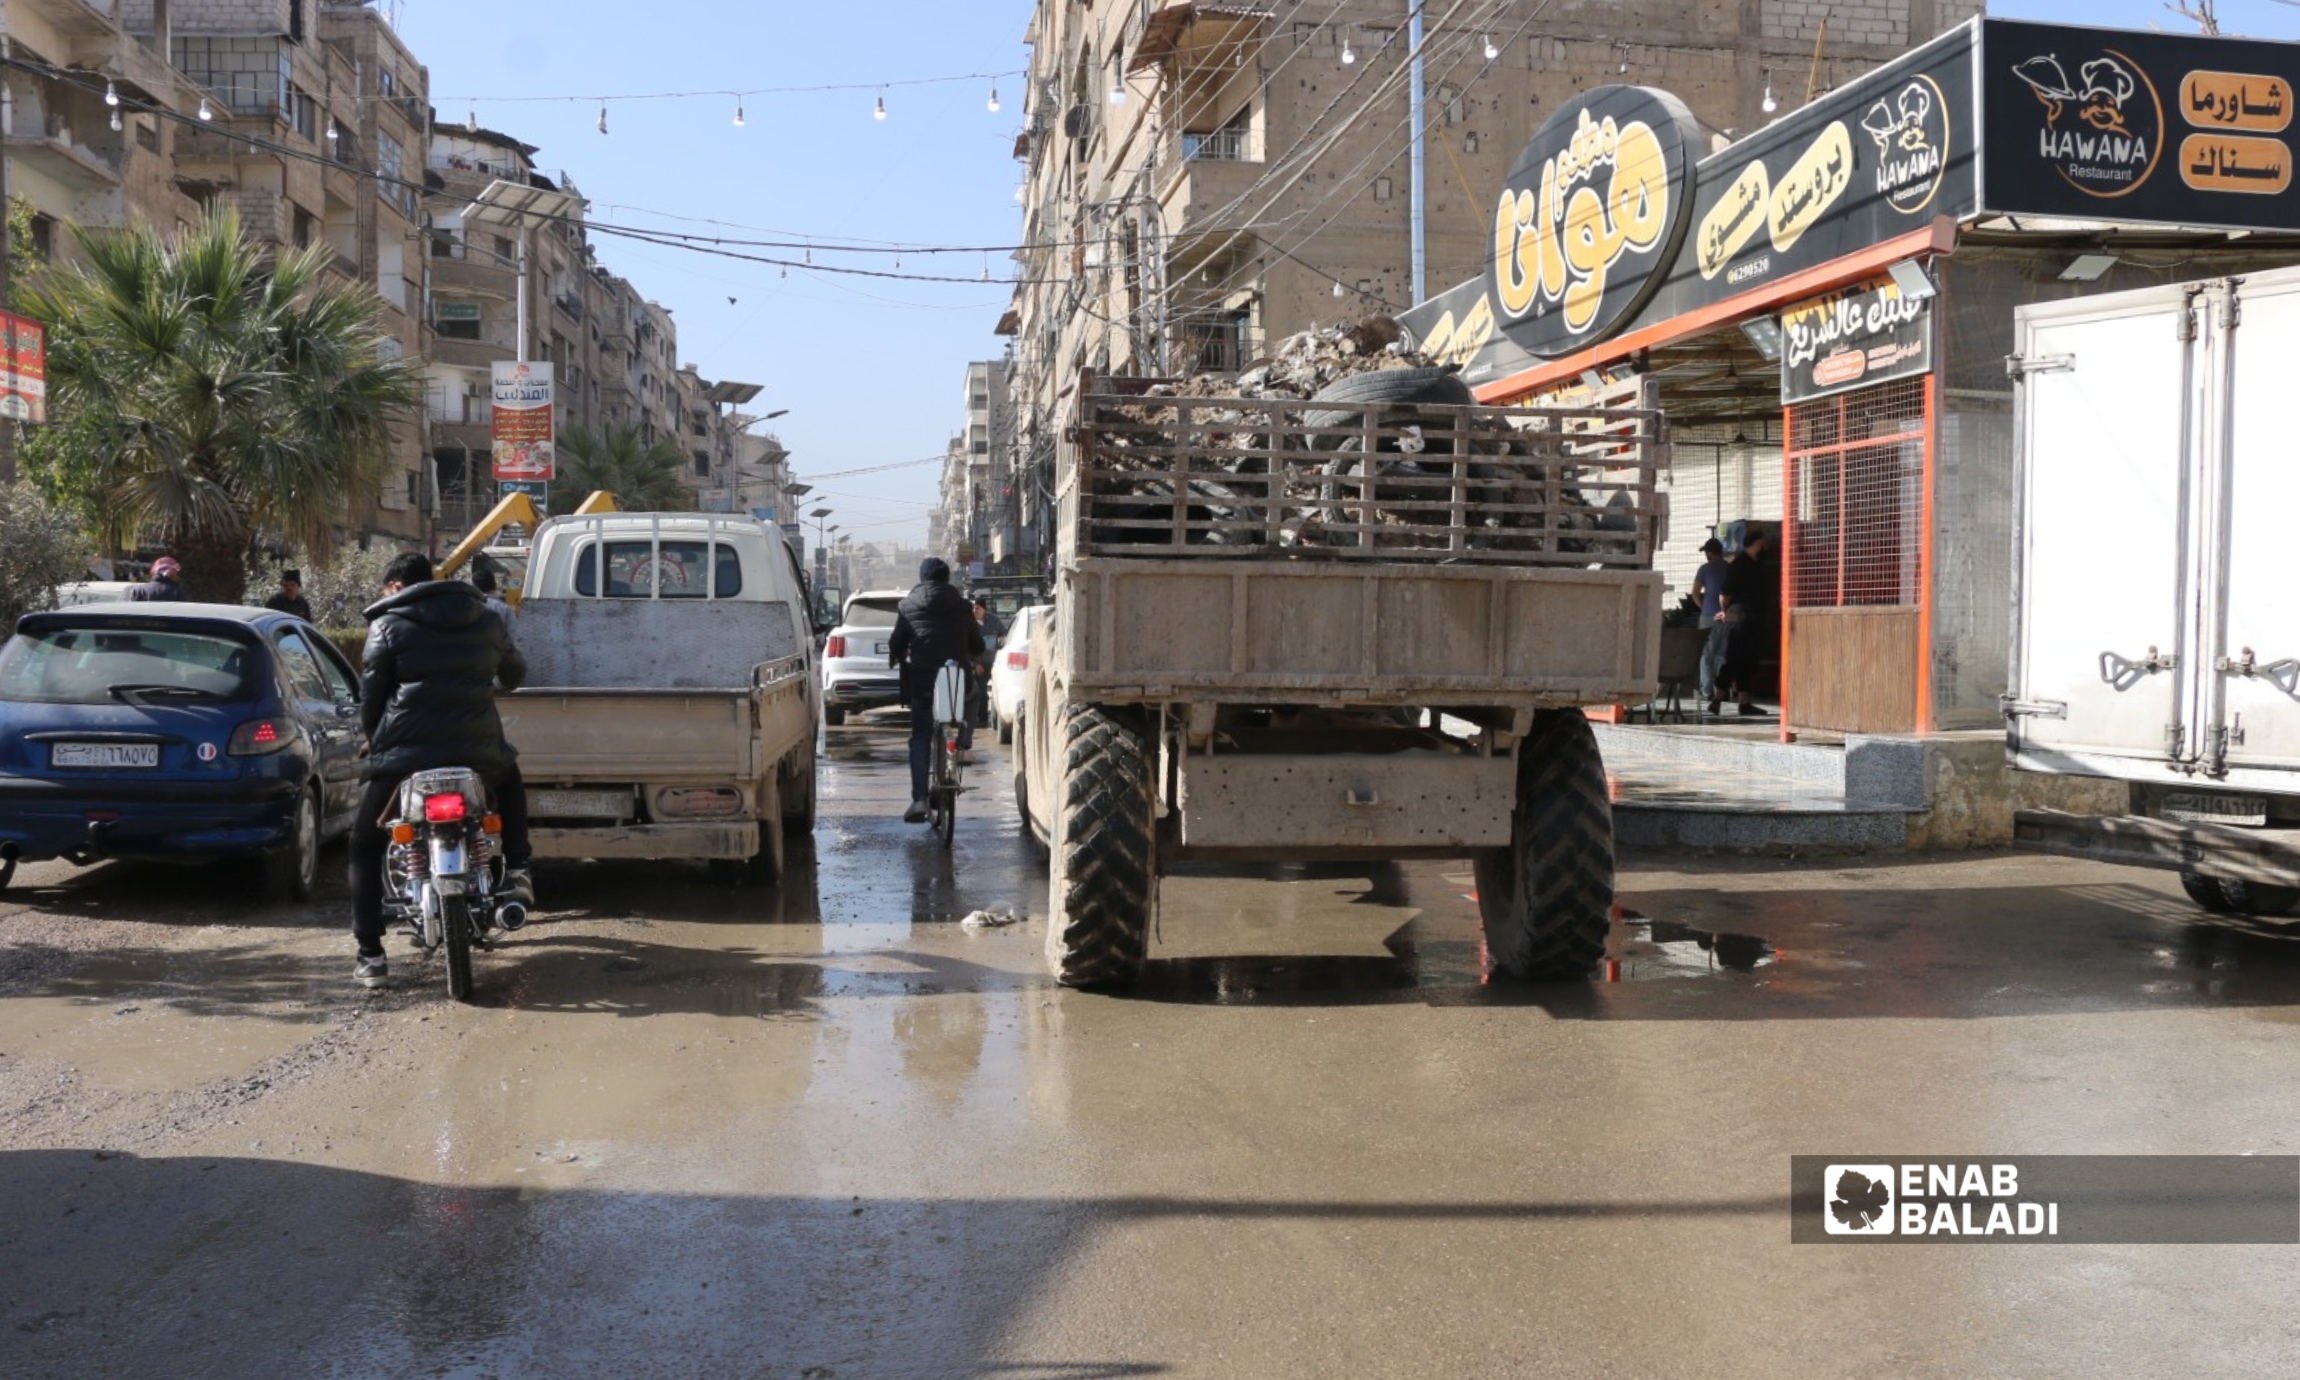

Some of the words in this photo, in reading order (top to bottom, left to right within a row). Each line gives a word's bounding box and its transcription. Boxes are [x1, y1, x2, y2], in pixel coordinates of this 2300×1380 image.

[2191, 79, 2283, 122] شاورما
[2040, 128, 2148, 164] HAWANA
[2191, 144, 2281, 180] سناك
[1778, 142, 1844, 233] بروستد
[1876, 144, 1940, 193] HAWANA
[2069, 163, 2132, 182] Restaurant
[1893, 180, 1932, 202] Restaurant
[1496, 120, 1669, 334] هوانا
[1704, 179, 1761, 271] مشوي

※ ※ ※

— Task item —
Take the entries above and restate them word for word, minus their images.

— Completed task —
Some of the words in this photo, in reading order (top to bottom, left to right within a row). Each line gives a word's bounding box and its transcription. Boxes are [x1, y1, x2, y2], in pixel coordinates of this 2300×1380 image.

[2191, 79, 2283, 122] شاورما
[2040, 128, 2148, 164] HAWANA
[2191, 144, 2281, 180] سناك
[1778, 142, 1844, 233] بروستد
[1876, 144, 1940, 193] HAWANA
[2069, 163, 2132, 182] Restaurant
[1893, 180, 1932, 202] Restaurant
[1496, 120, 1669, 334] هوانا
[1704, 179, 1761, 271] مشوي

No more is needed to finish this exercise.